SEOUL, Dec. 23 (UPI) -- The accounts of 12 surviving Korean women of their experiences as sex slaves for Japanese soldiers in World War II will be published, the Seoul government said.
The oral statements given by the women about their suffering during Japan's colonial rule of Korea will be issued in book form next month, a prime ministerial office investigation commission that looked into the wartime atrocities said Monday.
The publication of their statements, given over the years during the commission's fact-finding effort, would help preserve relevant evidence and create public awareness, Yonhap News Agency reported. The women, however, have asked their identities be withheld, the news agency said.
South Korean memories of Japan's colonial rule of the Korean Peninsula from 1910 to 1945 are still raw, especially because of the sexual enslavement of so-called "comfort women" by the former Imperial Japanese Army, and continues to affect relations between the two countries.
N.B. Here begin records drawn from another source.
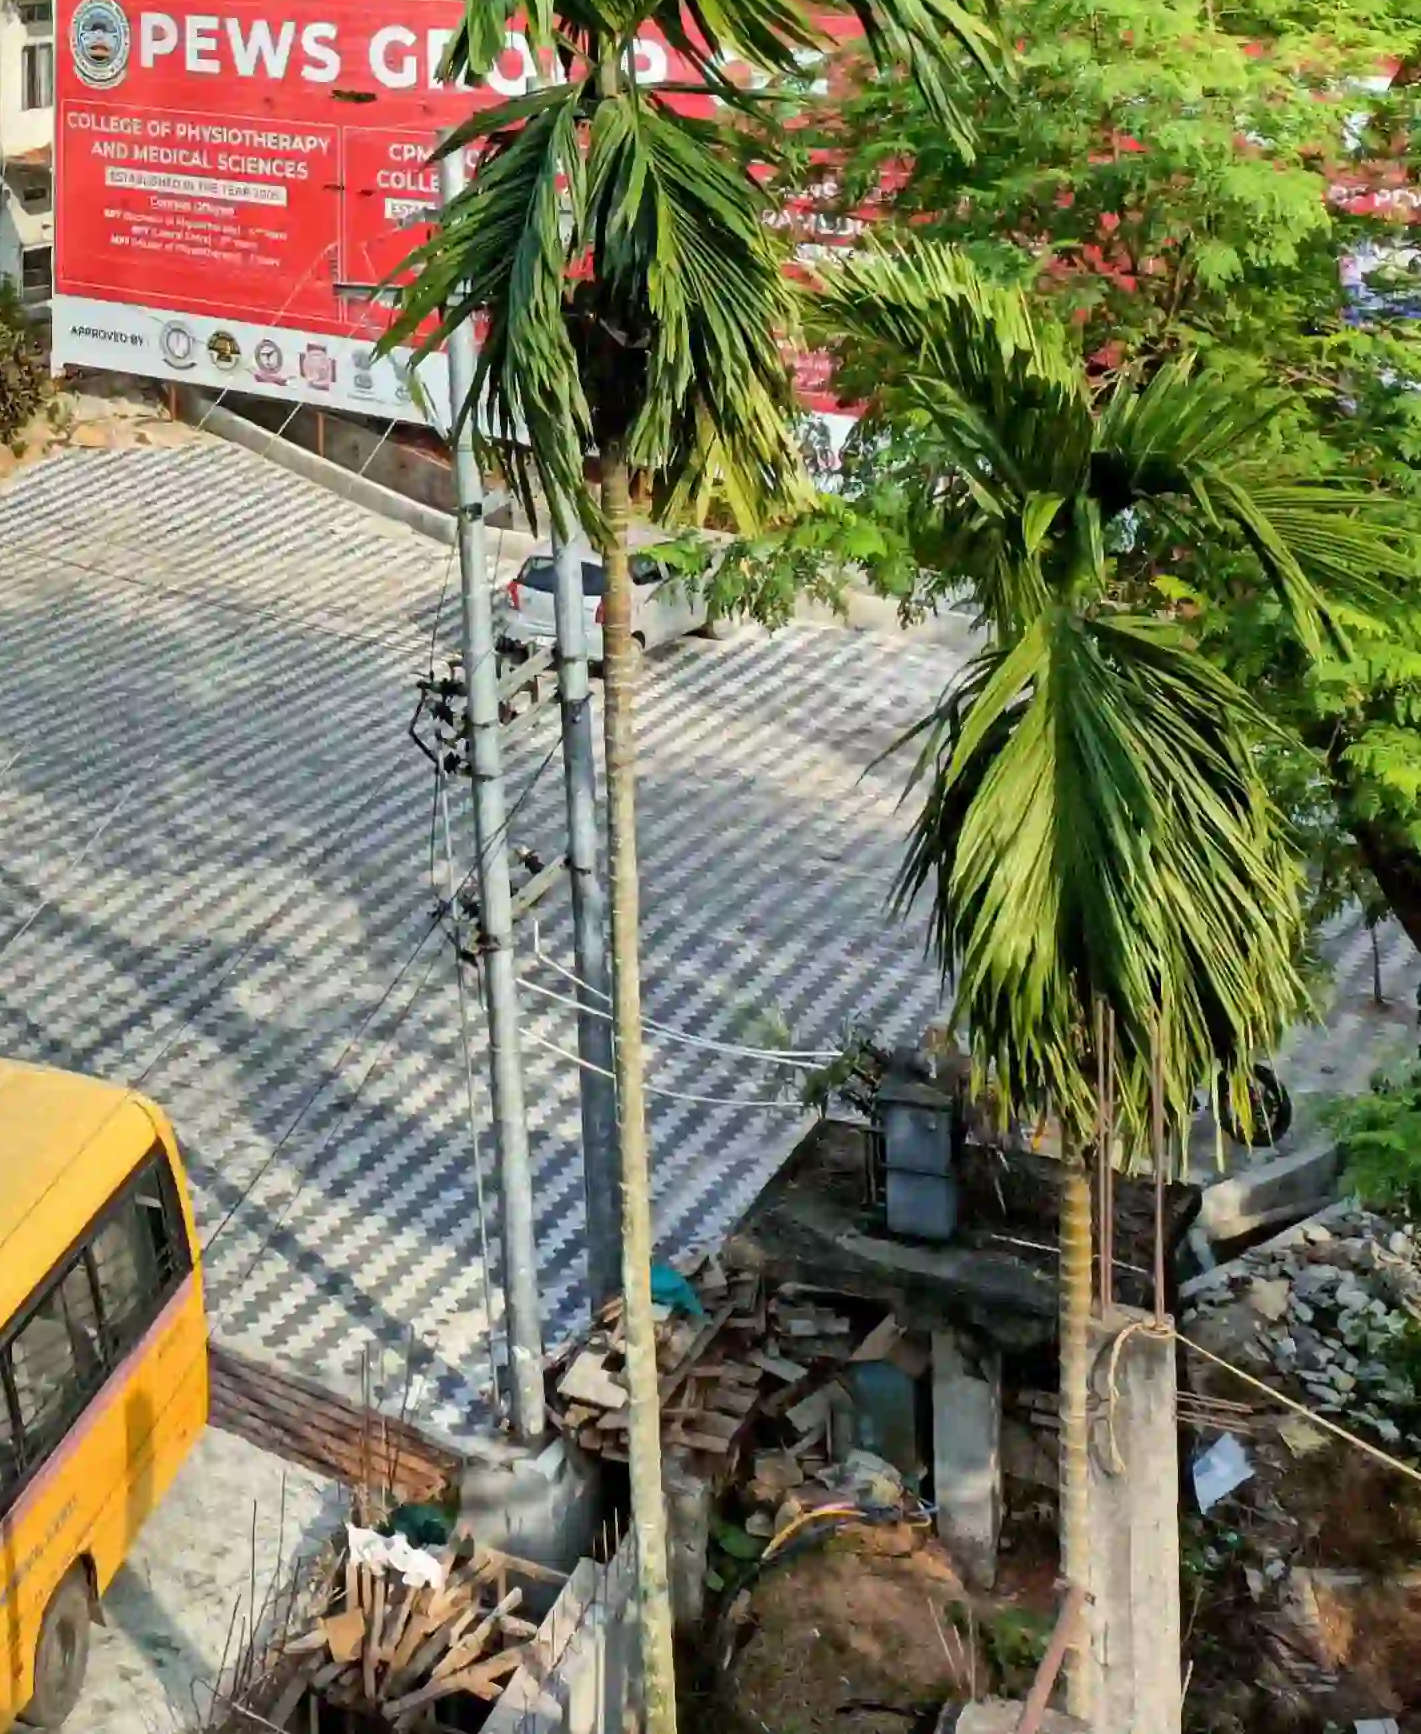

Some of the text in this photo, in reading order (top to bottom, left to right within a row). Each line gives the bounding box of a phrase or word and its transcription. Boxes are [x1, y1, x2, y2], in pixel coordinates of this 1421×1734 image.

[140, 12, 341, 83] PEWS
[67, 112, 331, 155] COLLEGE OF PHYSIOTHERAPY
[91, 141, 309, 180] AND MEDICAL SCIENCES
[388, 143, 435, 163] CPM
[376, 170, 440, 193] COLLE
[69, 325, 128, 343] APPROVED
The commission said its book will also include witness accounts about the tragic incidents, a list of lawsuits against the Japanese government and relevant chronologies.
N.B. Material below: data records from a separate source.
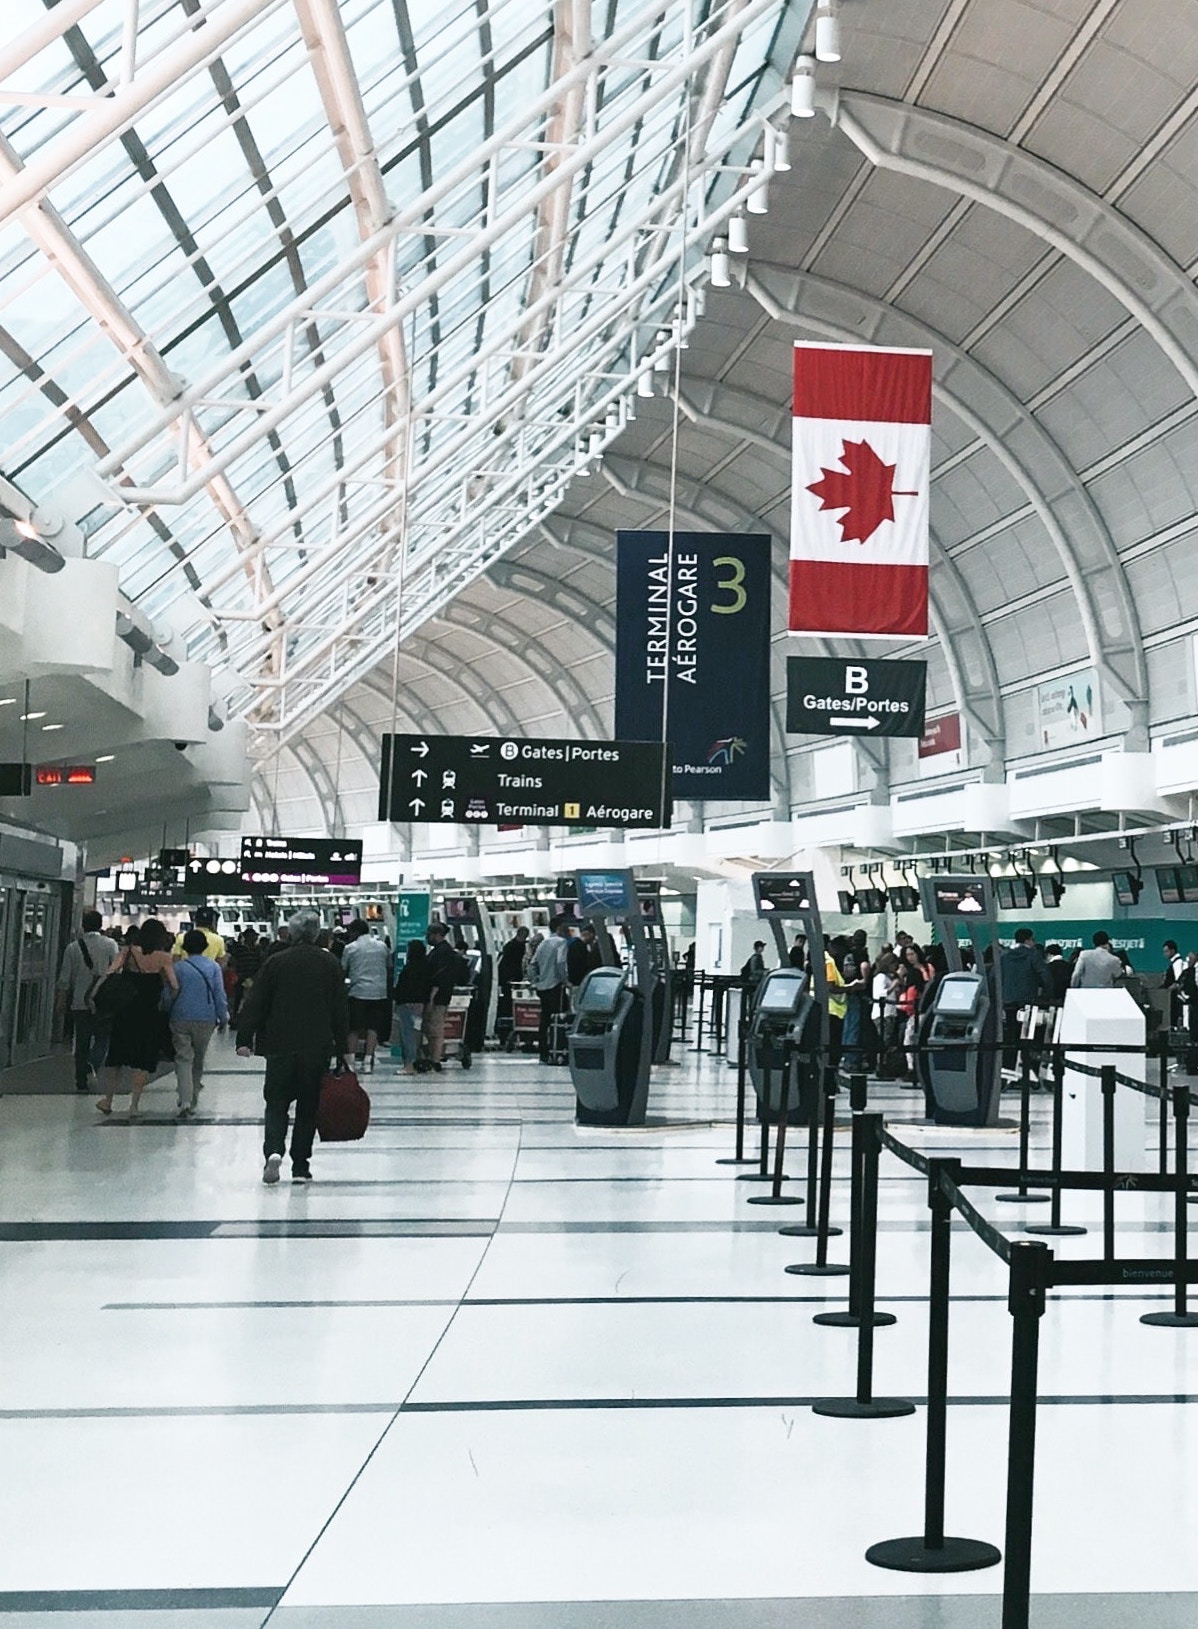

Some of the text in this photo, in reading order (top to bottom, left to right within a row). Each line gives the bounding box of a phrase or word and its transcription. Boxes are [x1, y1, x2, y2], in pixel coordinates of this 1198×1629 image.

[710, 556, 748, 615] 3
[646, 552, 668, 684] TERMINAL
[672, 553, 698, 684] AÉROGARE
[845, 665, 869, 694] B
[803, 694, 909, 713] Gates/Portes
[684, 764, 722, 774] Pearson
[497, 773, 543, 788] Trains
[496, 802, 559, 818] Terminal
[586, 804, 654, 822] Aérogare
[1122, 1267, 1173, 1278] bienvenue
Yonhap cited historians who say up to 200,000 women, mostly Koreans, were coerced into sexual slavery during the war and some of the survivors in their testimony have also asked for a formal apology and compensation from Japan in recent years.
Both the countries this month elected new leaders, with Park Geun-hye becoming South Korean president-elect and Shinzo Abe of the Liberal Democratic Party taking over as Japanese prime minister. Experts and officials have said the leadership changes may present opportunities to improve bilateral ties.